Foods considered to be ripe for the trash were first on the list of potential. These foods had disgusting flavors, much like the very first medicines. While they tasted bad but did good. In fact, medicine tasted revoltingly bitter. Much like poison. One heals. The other harms. It’s a game where the line between self-care and self-destruction was fine and it brought me my first aha-moment.
Lightbulb Moment
I began with the bitter foods in my pantry. Coffee. Turmeric. Chocolate. Naturally, I started with chocolate. Chocolate in its raw form (cacao) is rich in the flavonoids that help protect people against sun damage, found a paper in The Journal of Nutrition. Further research suggested cacao isn’t a one trick pony. It’s a healing stallion that gives you everything. Stress relief. Immunity boosting. Gut health. Reduced inflammation. Mood booster. Increased energy. You name it. Cacao crushed it.
I mixed 20g of cacao into my post workout protein smoothies. The bitterness made me an Olympic level gurning champ, but after one month something changed. My taste buds recalibrated. I found joy in bitterness, the way a connoisseur cuddles a Johnny Walker in front of an open fireplace. This flavor was everywhere but mostly in my food scraps bin. Avocado seeds. Apple cores. Broccoli stalks. This untapped goodness was being squandered. Now, years after embracing it, I’ve changed forever.
A New Resolve
Five years after my first skin cancer surgery I’ve achieved my goal. I’ve had a cancer check-up every 6 months and continue to walk out of there with a clean sheet that leaves my doc surprised. Sure, I could be wrong. I’m not foolish enough to imagine I may have another run in with the scalpel. If that happens, I’m still ahead of the curve.
My new perspective on flavor has helped me eat the way our ancestors did, where they treasured all food. Nothing is wasted. This old school approach may have safeguarded prior generations from modern-day diseases. Are our modernized taste buds to blame for obesity and other killers like diabetes and heart disease? Maybe so and this alternative viewpoint on flavor holds the key.
Your Chance to Heal
This the first step in my journey. Yours may have started from a different place. You could be looking to understand why you love or detest bitter foods. You might want to fill that missing piece in your diet that’ll elevate your health and performance.
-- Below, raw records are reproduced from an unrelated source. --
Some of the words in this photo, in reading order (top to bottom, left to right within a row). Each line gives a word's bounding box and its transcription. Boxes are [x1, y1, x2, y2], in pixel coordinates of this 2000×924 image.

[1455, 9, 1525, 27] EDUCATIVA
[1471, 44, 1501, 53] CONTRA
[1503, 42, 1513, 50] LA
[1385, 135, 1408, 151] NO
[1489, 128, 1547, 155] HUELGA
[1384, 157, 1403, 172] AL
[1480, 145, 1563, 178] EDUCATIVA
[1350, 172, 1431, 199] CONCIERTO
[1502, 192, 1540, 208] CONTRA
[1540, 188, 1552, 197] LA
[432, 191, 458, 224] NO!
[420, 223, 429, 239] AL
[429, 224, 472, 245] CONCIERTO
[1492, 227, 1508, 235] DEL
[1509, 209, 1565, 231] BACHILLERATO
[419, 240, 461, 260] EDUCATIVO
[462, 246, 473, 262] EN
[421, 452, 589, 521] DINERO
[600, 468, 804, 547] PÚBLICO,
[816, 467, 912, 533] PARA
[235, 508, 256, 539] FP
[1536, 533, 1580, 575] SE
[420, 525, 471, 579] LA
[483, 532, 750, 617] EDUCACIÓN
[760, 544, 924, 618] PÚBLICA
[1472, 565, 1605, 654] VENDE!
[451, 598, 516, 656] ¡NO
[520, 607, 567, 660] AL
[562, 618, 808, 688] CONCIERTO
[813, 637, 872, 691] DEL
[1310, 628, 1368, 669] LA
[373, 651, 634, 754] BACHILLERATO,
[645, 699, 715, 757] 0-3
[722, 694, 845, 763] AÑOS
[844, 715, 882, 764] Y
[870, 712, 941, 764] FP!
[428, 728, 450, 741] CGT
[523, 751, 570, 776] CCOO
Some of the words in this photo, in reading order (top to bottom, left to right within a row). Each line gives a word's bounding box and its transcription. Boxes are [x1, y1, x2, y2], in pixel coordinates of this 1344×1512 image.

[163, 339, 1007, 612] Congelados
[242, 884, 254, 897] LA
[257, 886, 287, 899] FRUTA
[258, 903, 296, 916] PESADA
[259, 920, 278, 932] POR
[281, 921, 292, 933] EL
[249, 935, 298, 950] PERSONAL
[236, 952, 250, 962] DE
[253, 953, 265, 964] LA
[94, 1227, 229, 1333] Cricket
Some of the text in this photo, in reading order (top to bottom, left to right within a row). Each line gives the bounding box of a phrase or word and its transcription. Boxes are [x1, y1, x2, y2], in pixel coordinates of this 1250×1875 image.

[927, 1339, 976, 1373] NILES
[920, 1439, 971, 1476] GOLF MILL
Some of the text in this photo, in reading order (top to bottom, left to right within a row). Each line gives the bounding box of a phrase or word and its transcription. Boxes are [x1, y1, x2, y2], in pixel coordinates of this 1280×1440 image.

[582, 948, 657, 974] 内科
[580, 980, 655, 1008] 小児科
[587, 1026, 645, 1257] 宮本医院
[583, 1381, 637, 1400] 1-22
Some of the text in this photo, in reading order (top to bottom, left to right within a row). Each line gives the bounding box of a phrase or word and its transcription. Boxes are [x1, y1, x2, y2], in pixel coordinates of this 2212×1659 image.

It’s important to think about the circumstances that brought you here. So, ask yourself where you want to be with your well-being.
The answer to that question and the end destination is going to be same, and it will be summed up in one word. Improvement. A crucial dietary upgrade will be delivered to you by bitter foods which will offer you the keys to forgotten toolkit packed with a lifetime of rewards. Improved health. Better digestion. More muscle. Less body fat. Preventing disease. Improved sleep. Increased energy. A happier outlook. All you need do is open wide and say aww to avoid the aargh.
Bittersweet Tip 3: A Real Chocolate Smoothie
You don’t have to curse your body and taste buds with the sickeningly sweet protein smoothies. These are a mainstay for anyone who works out and possibly poisons your perception of chocolate forever. Here’s the recipe for the ultimate smoothie for your health and skin.
1 x banana
½ x avocado
30g x protein of your choice
20g x raw cacao
10g x chai seeds
10ml egg whites (or 2-3 egg whites)
20g ground walnuts
200ml coconut water
Throw that into the blender and grind until smooth. You may have to crunch up the walnuts in your hands before you put in them in there or they may not blend properly. Will it taste bad? Sure! Think of it as a bicep curl for your taste buds that is resetting them properly, but if you can’t stomach it then add a little manuka honey to make it a little more kid friendly.